Deep learning-based auto-segmentation, clinical delineations, whole heart, breast cancer, radiotherapy

Abstract

Background

This study aimed at investigating the feasibility of developing a deep learning-based auto-segmentation model for the heart trained on clinical delineations.

Material and methods

This study included two different datasets. The first dataset contained clinical heart delineations from the DBCG RT Nation study (1,561 patients). The second dataset was smaller (114 patients), but with corrected heart delineations. Before training the model on the clinical delineations an outlier-detection was performed, to remove cases with gross deviations from the delineation guideline. No outlier detection was performed for the dataset with corrected heart delineations. Both models were trained with a 3D full resolution nnUNet. The models were evaluated with the dice similarity coefficient (DSC), 95% Hausdorff distance (HD95) and Mean Surface Distance (MSD). The difference between the models were tested with the Mann-Whitney U-test. The balance of dataset quantity versus quality was investigated, by stepwise reducing the cohort size for the model trained on clinical delineations.

Results

During the outlier-detection 137 patients were excluded from the clinical cohort due to non-compliance with delineation guidelines. The model trained on the curated clinical cohort performed with a median DSC of 0.96 (IQR 0.94–0.96), median HD95 of 4.00 mm (IQR 3.00 mm-6.00 mm) and a median MSD of 1.49 mm (IQR 1.12 mm-2.02 mm). The model trained on the dedicated and corrected cohort performed with a median DSC of 0.95 (IQR 0.93–0.96), median HD95 of 5.65 mm (IQR 3.37 mm-8.62 mm) and median MSD of 1.63 mm (IQR 1.35 mm-2.11 mm). The difference between the two models were found non-significant for all metrics (p > 0.05). Reduction of cohort size showed no significant difference for all metrics (p > 0.05).
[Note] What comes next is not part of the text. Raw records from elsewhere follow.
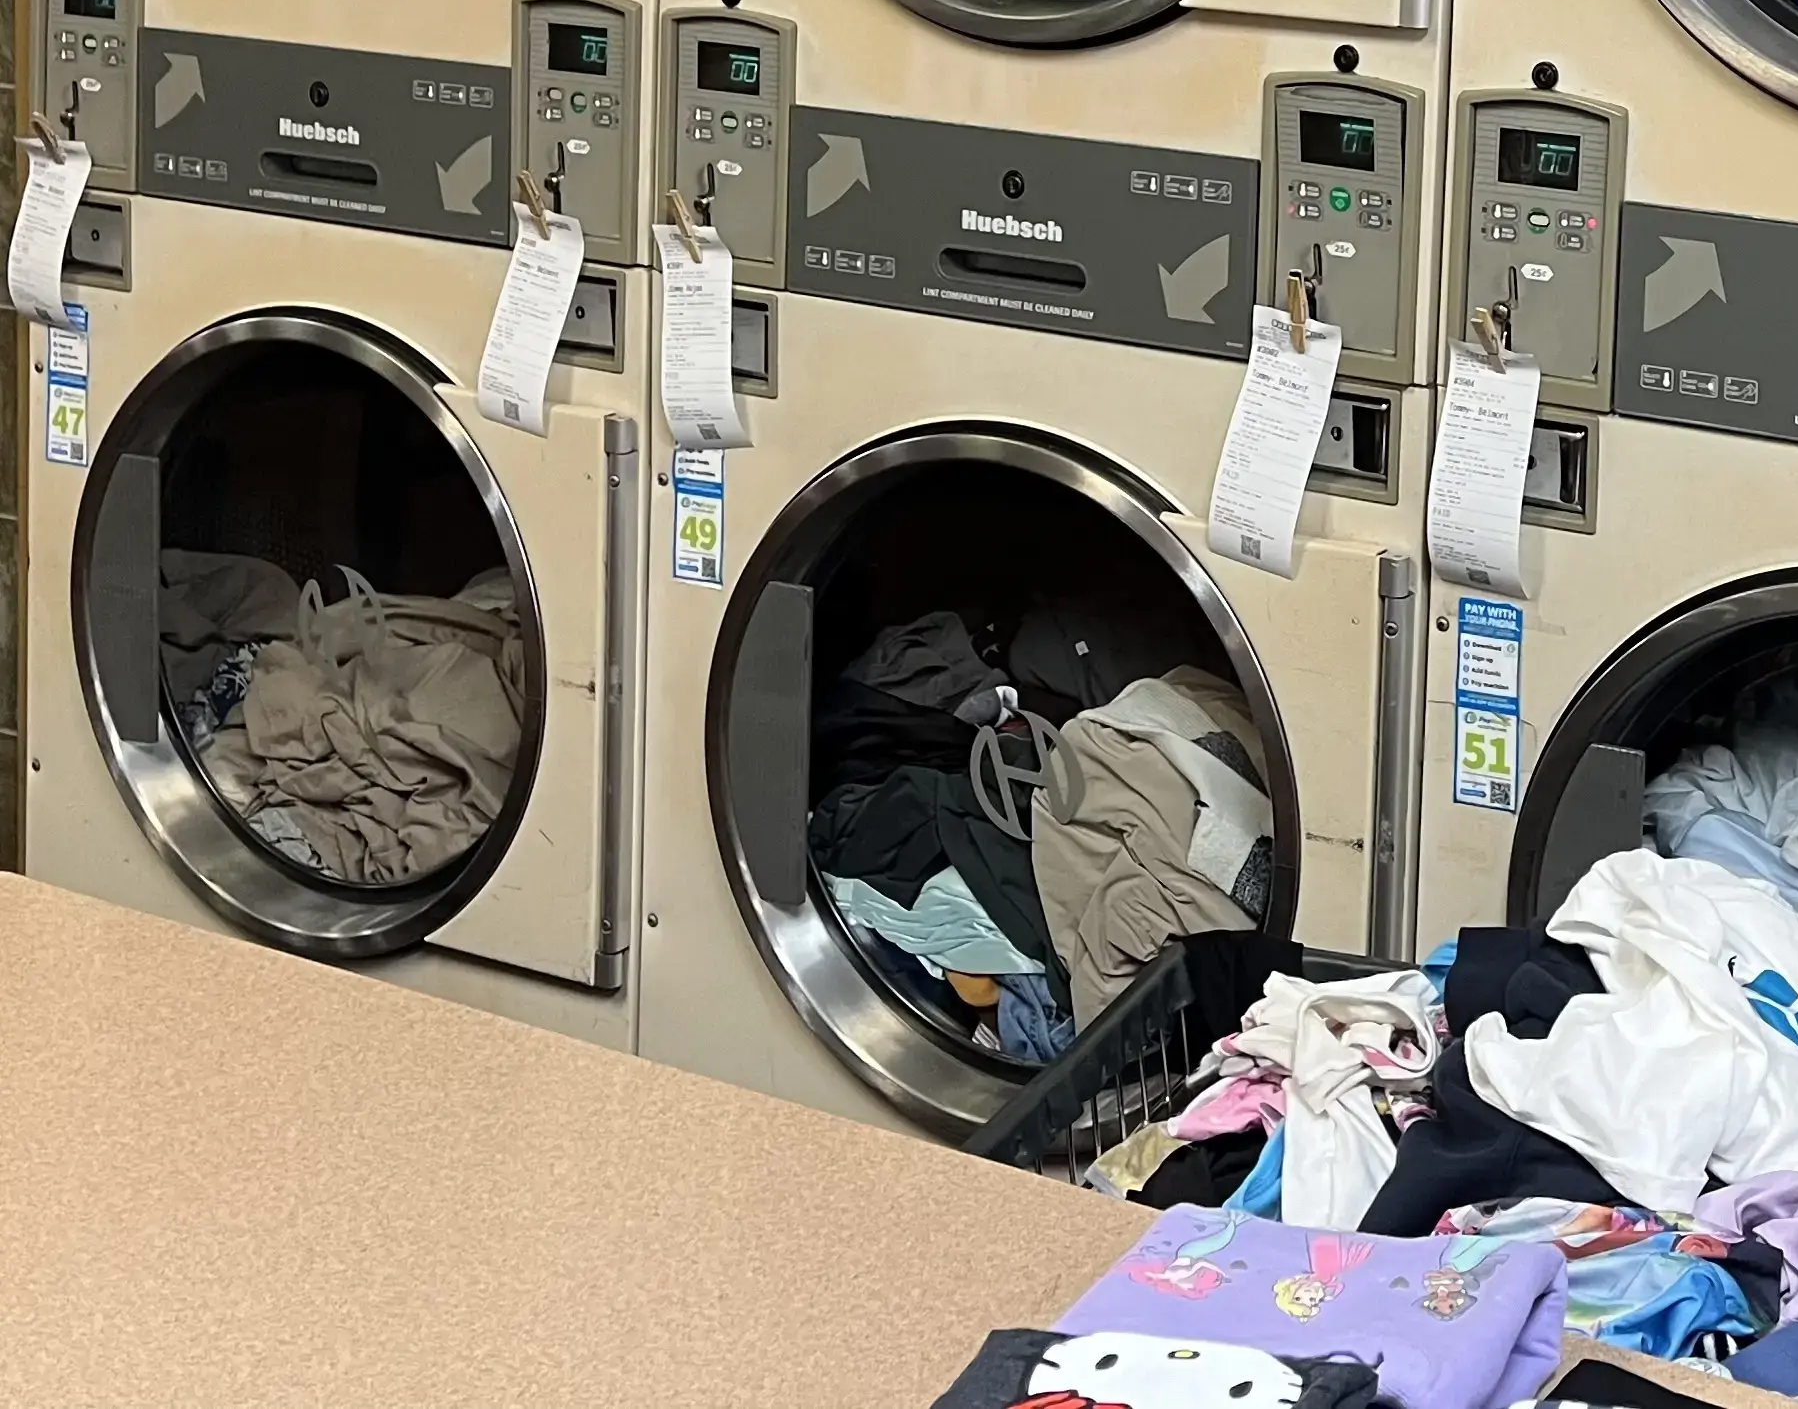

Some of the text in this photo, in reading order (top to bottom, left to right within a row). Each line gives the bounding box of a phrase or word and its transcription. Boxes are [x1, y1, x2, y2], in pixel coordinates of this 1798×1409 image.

[279, 117, 360, 145] Huebsch
[962, 209, 1063, 242] Huebsch
[922, 287, 1094, 320] LINT COMPARTMENT MUST BE CLEANED DAILY
[52, 405, 84, 436] 47
[680, 516, 717, 551] 49
[1465, 603, 1517, 621] PAY WITH
[1462, 731, 1510, 775] 51
However, with the smallest cohort size, a few outlier structures were found.

Conclusions

This study demonstrated a deep learning-based auto-segmentation model trained on curated clinical delineations which performs on par with a model trained on dedicated delineations, making it easier to develop multi-institutional auto-segmentation models.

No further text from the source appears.